DATE: (Date of pronouncement)
DATE: March 27, 2011 (Date of publication)

Click here to download the judgement (TNT_TP_prior_year_date.pdf)

Transfer Pricing: Prior Years’ data cannot ordinarily be relied upon to justify ALP. Non-operating income & expenditure should be excluded while comparing

The assessee, a courier company, paid Rs. 43.46 crores to its holding co in Netherlands towards the reimbursement of cost in transport of consignments. The TPO & CIT (A) adopted the TNMM and claimed that as the operating profit /operating income of the comparables was higher than that earned by the assessee, an adjustment had to be made.
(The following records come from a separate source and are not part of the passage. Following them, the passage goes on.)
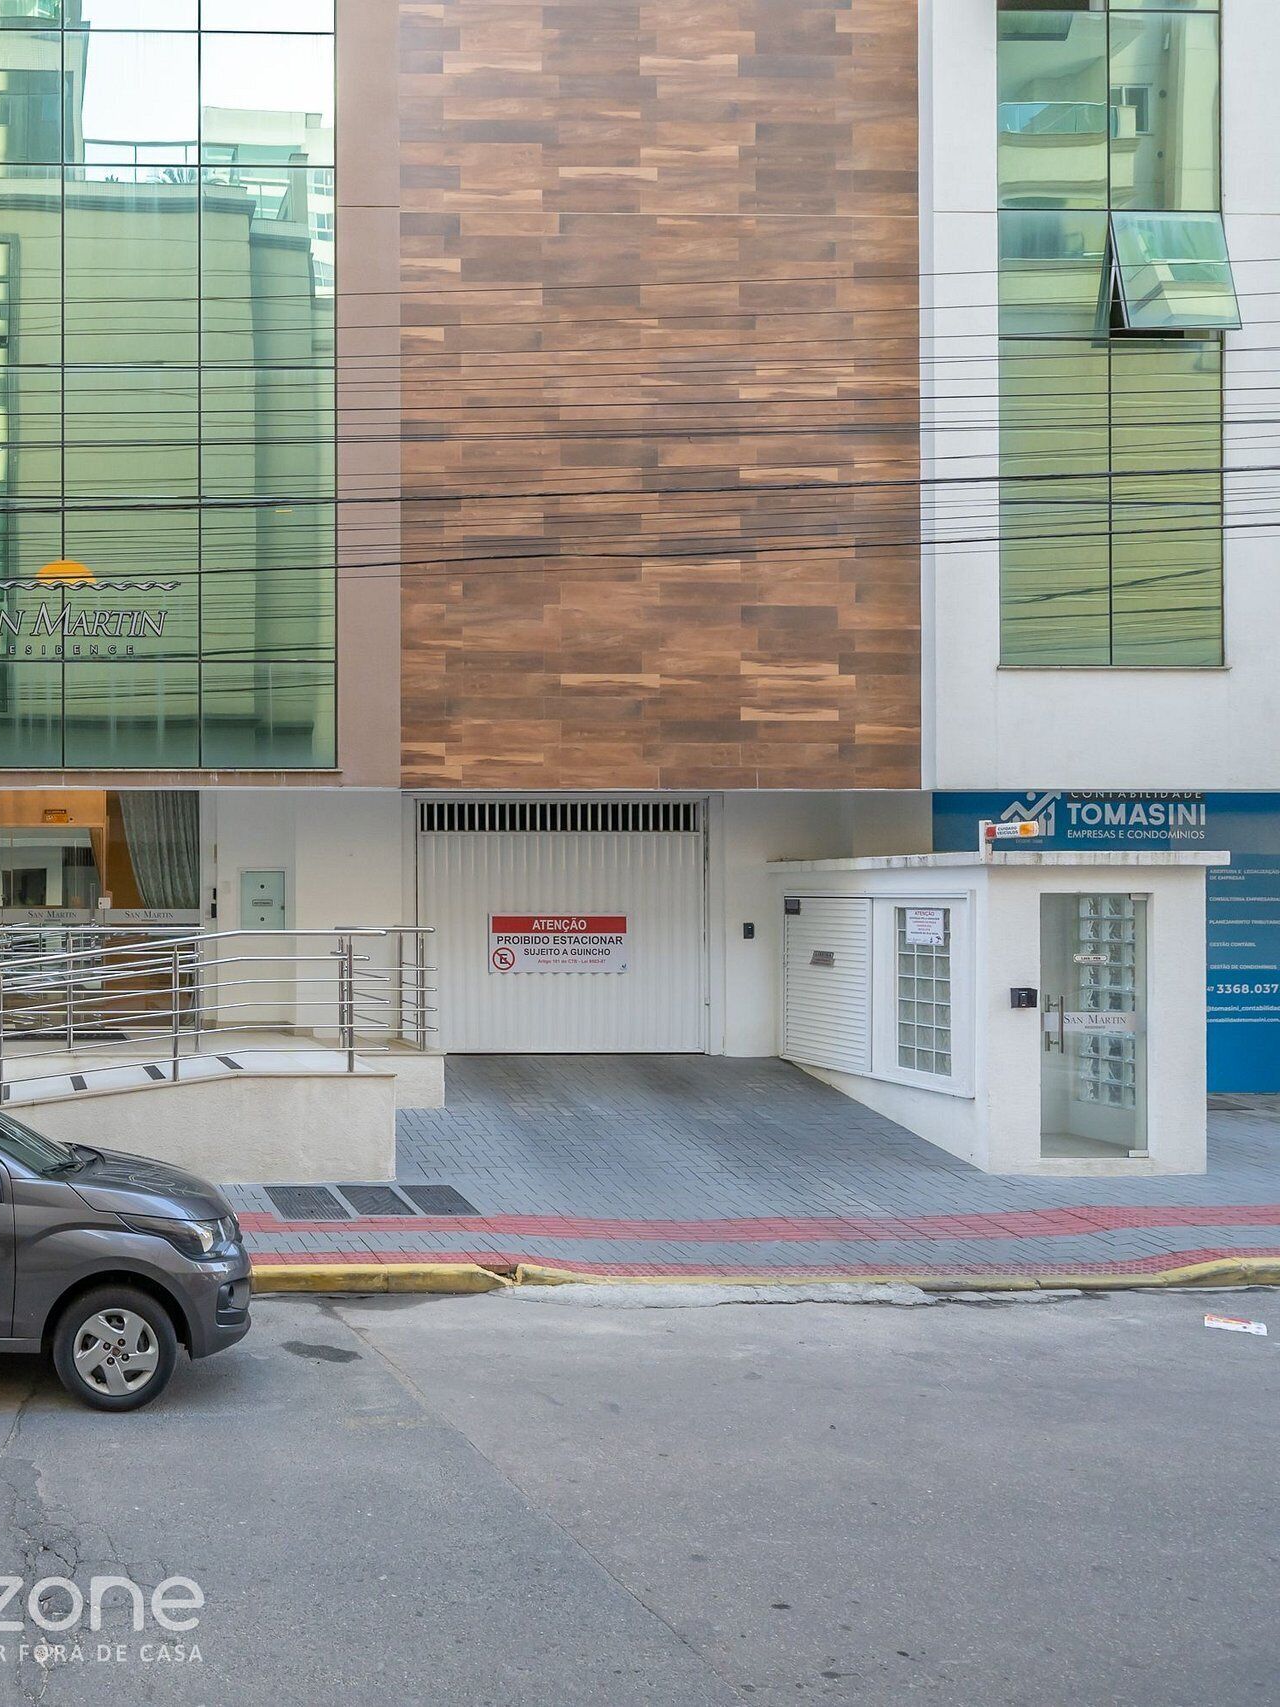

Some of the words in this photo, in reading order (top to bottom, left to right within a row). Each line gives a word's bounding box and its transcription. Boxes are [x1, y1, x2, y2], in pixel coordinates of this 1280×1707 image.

[30, 602, 168, 637] MARTIN
[1066, 803, 1206, 826] TOMASINI
[1067, 829, 1116, 839] EMPRESAS
[1119, 830, 1125, 839] E
[532, 918, 587, 932] ATENÇÃO
[497, 936, 550, 945] PROIBIDO
[553, 936, 623, 945] ESTACIONAR
[524, 948, 560, 956] SUJEITO
[570, 948, 611, 956] GUINCHO
[1216, 984, 1279, 994] 3368.037
[1064, 1014, 1083, 1024] SAN
[1088, 1014, 1127, 1024] MARTIN
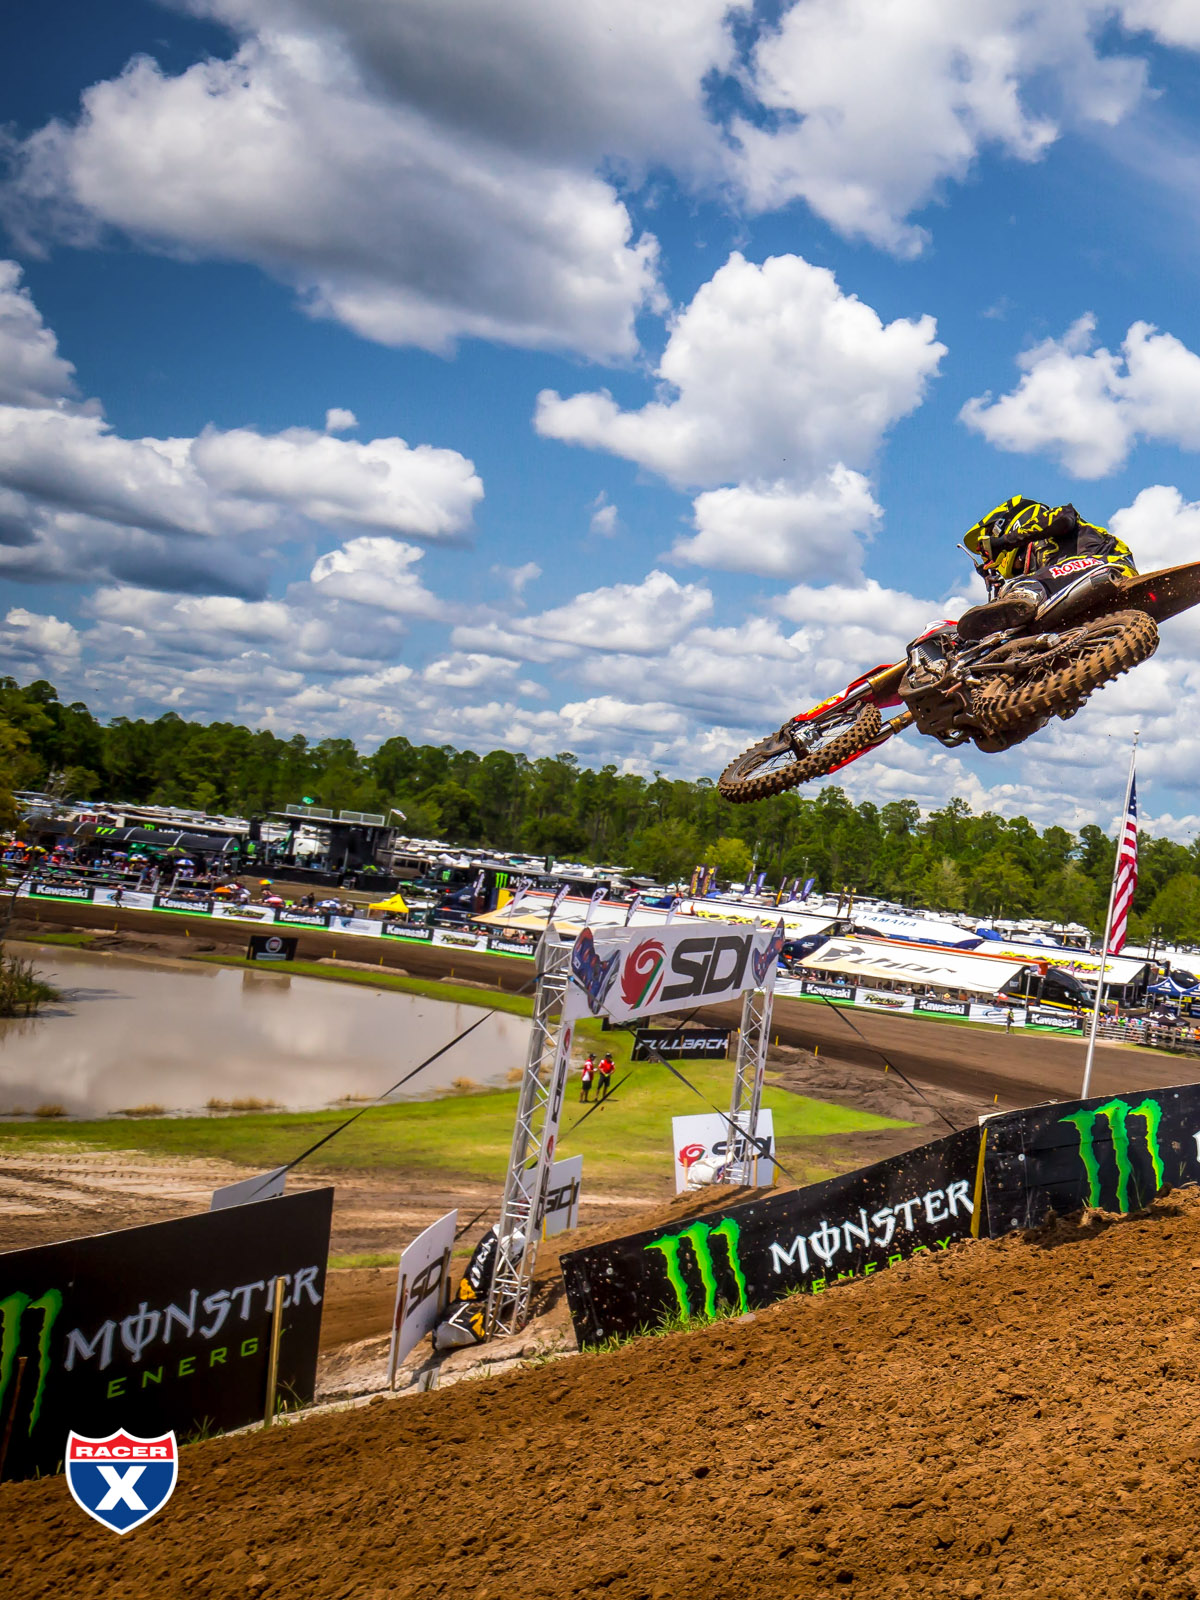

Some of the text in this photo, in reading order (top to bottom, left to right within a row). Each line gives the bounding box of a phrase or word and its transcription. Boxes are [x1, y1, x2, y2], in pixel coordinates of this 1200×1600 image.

It was also claimed that the assessee was not entitled to rely on the data of earlier years. On appeal to the Tribunal, HELD:

(a) In respect of FY 2001-02, the assessee used data pertaining to AYs 1999-2000 & 2000-01. While the argument that at the time of TP study, the data relating to relevant comparable for FY 2001-02 is acceptable, the assessee has to adopt the data available for the TP study at the time of filing of the return. By the time of filing of return, the data relevant to FY 2001-02 was available. Further, prior year data is relevant only if the assessee is able to prove that the pricing pattern of the assessee for the relevant financial year has been influenced by the market conditions/business cycle/product life cycle of the earlier years (which is not there in the courier business). The OECD guidelines are not of binding nature and even the Proviso to Rule 10B (4) provides that any subsequent year data cannot be considered. The contemporaneous data of relevant financial year is to be used for making the comparable analysis for arriving at the ALP unless it is proved otherwise;

(b) For arriving at the net margin of operating income, only operating income and operating expenses for the relevant business activity of the assessee has to be taken into consideration. Other income, such as dividend income, profit on sale of assets, donations as well as non-operating expenses which are included in the operating incomes of other comparable companies should be excluded as it effects the net margin of the operating profits of the comparables. Working capital adjustments also have to be considered while arriving at the operating net margins.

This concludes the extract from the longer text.